The young Israelis who organized Sunday’s demonstration — largely over online social networks — are not centrally organized and therefore have no official leaders to articulate their demands, said Elazar Legesse, of the Israel Association for Ethiopian Jews.
Her organization, however, is calling on the government to implement three immediate steps. First, the police should close all outstanding cases against minors of Ethiopian background accused of violence against a police officer. “A 14-year-old boy or a 17-year-old teenager can hit a policeman? Does that seem logical?” she said. Behind such claims are usually policemen who beat up youths and then open files against them if they respond, she charged.
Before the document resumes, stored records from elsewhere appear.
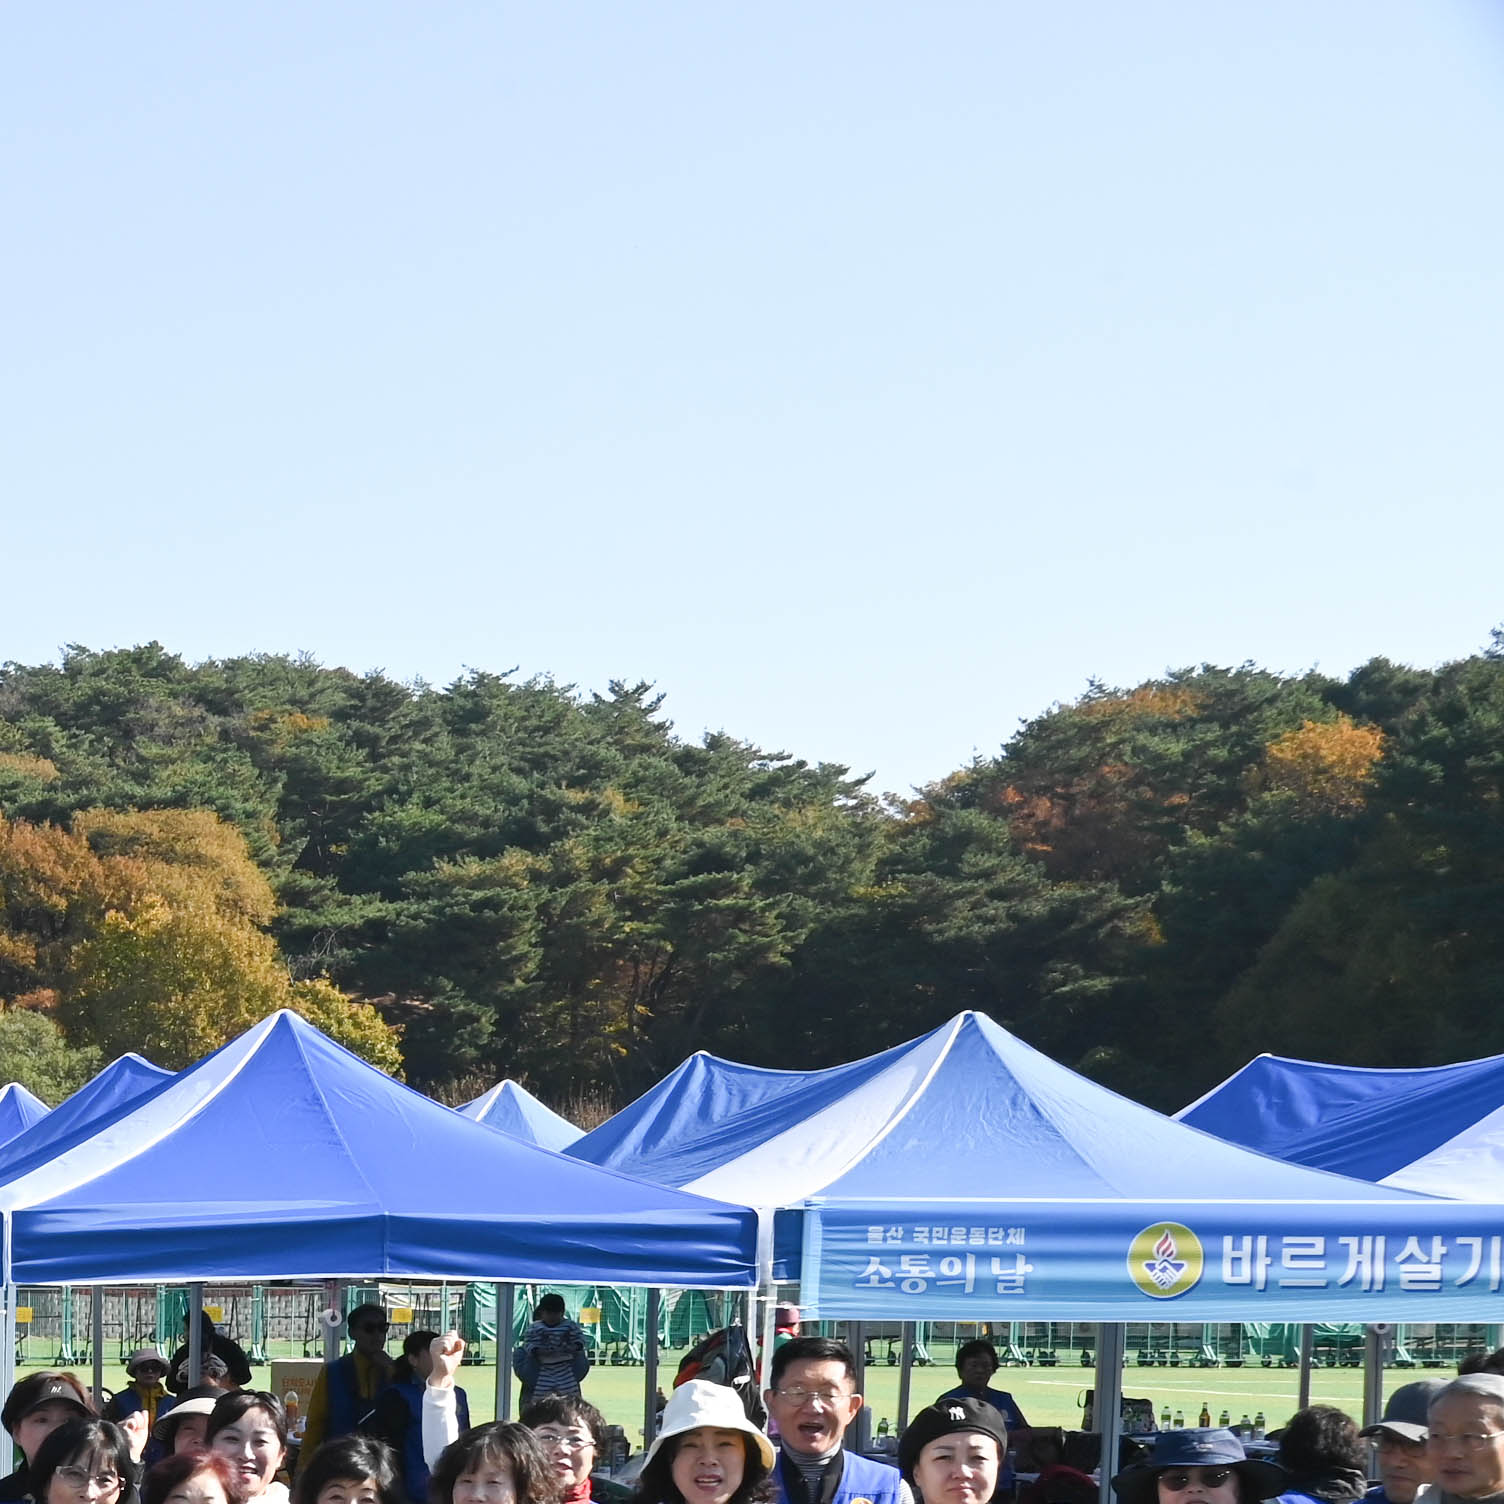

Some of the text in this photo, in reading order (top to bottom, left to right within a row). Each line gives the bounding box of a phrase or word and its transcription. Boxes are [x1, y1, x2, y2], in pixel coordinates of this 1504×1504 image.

[867, 1226, 1026, 1246] 울산 국민운동단체
[854, 1252, 1034, 1295] 소통의 날
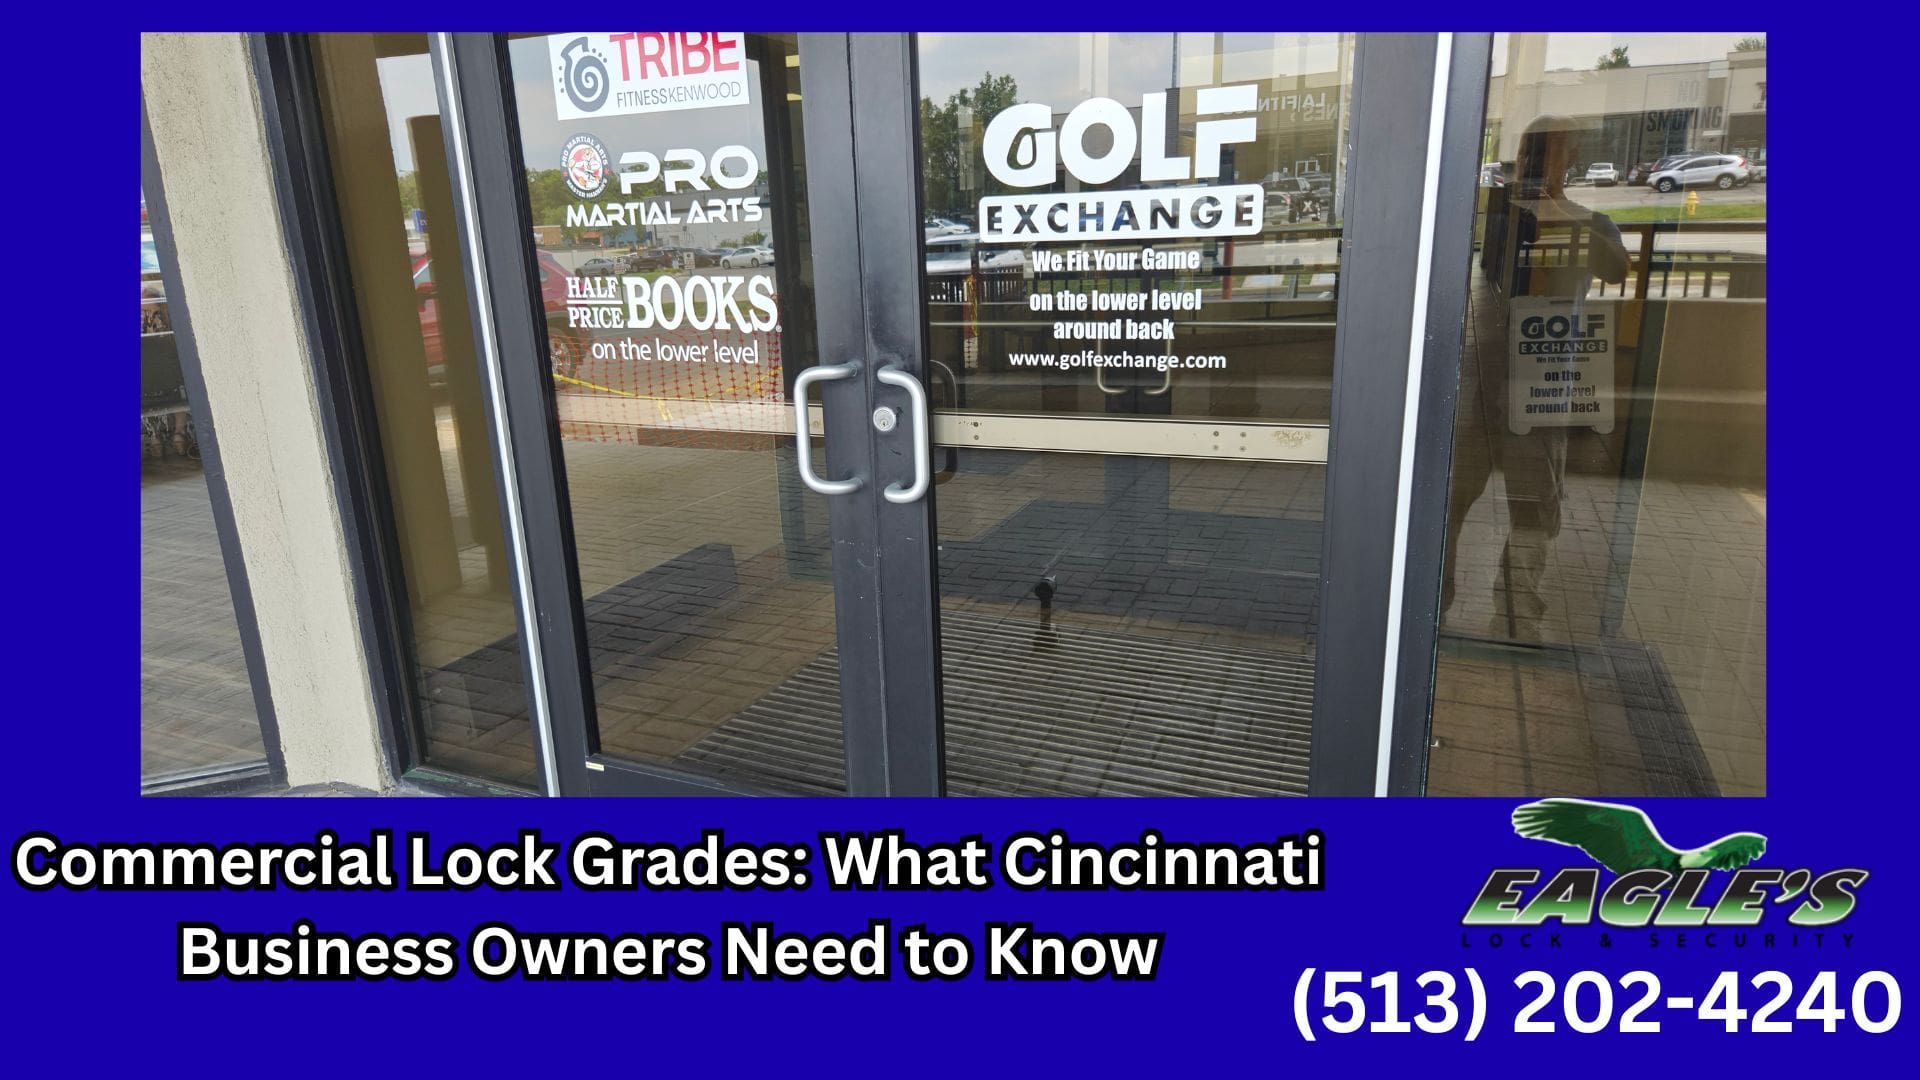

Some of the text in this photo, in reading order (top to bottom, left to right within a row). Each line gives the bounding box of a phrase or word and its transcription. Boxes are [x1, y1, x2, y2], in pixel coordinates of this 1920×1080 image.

[609, 32, 739, 81] TRIBE
[983, 84, 1258, 187] GOLF
[619, 145, 759, 194] PRO
[567, 196, 763, 228] MARTIAL ARTS
[986, 194, 1255, 235] EXCHANGE
[1032, 248, 1200, 272] We Fit Your Game
[566, 275, 778, 334] HALF BOOKS
[1029, 289, 1202, 311] on the lower level
[567, 306, 624, 329] PRICE
[1053, 318, 1175, 340] around back
[1521, 314, 1605, 339] GOLF
[592, 337, 759, 364] on the lower level
[1521, 342, 1606, 353] EXCHANGE
[1009, 350, 1227, 372] www.golfexchange.com
[1544, 369, 1581, 382] on the
[1530, 385, 1596, 398] lower level
[1526, 401, 1600, 414] around back
Second, the group is calling for a new law that would obligate policemen to carry a camera and document every interaction with civilians. It also demands that all complaints filed by Israeli-Ethiopians with the Israel Police Investigations Unit be reopened. “People don’t complain anymore because they don’t believe it will lead to anything,” Elazar Legesse said.
Lastly, her organization has demanded that any public servant who acts in a racist or violent way, whether teacher or policemen, be suspended until justice is done.
“There is a general atmosphere of violence in Israel that is unacceptable. This needs to stop. This is our home, just like everyone else’s. We’re here and we’re not going anywhere. And we need to live together,” she said.
“If we won’t have a country of citizens that are united, there will be more explosions. The state will explode — for this we don’t need enemies from the outside. We need a dialogue on violence in this country, on how we treat each other. I hope that after everything that occurred last night, this is what’s going to happen now.”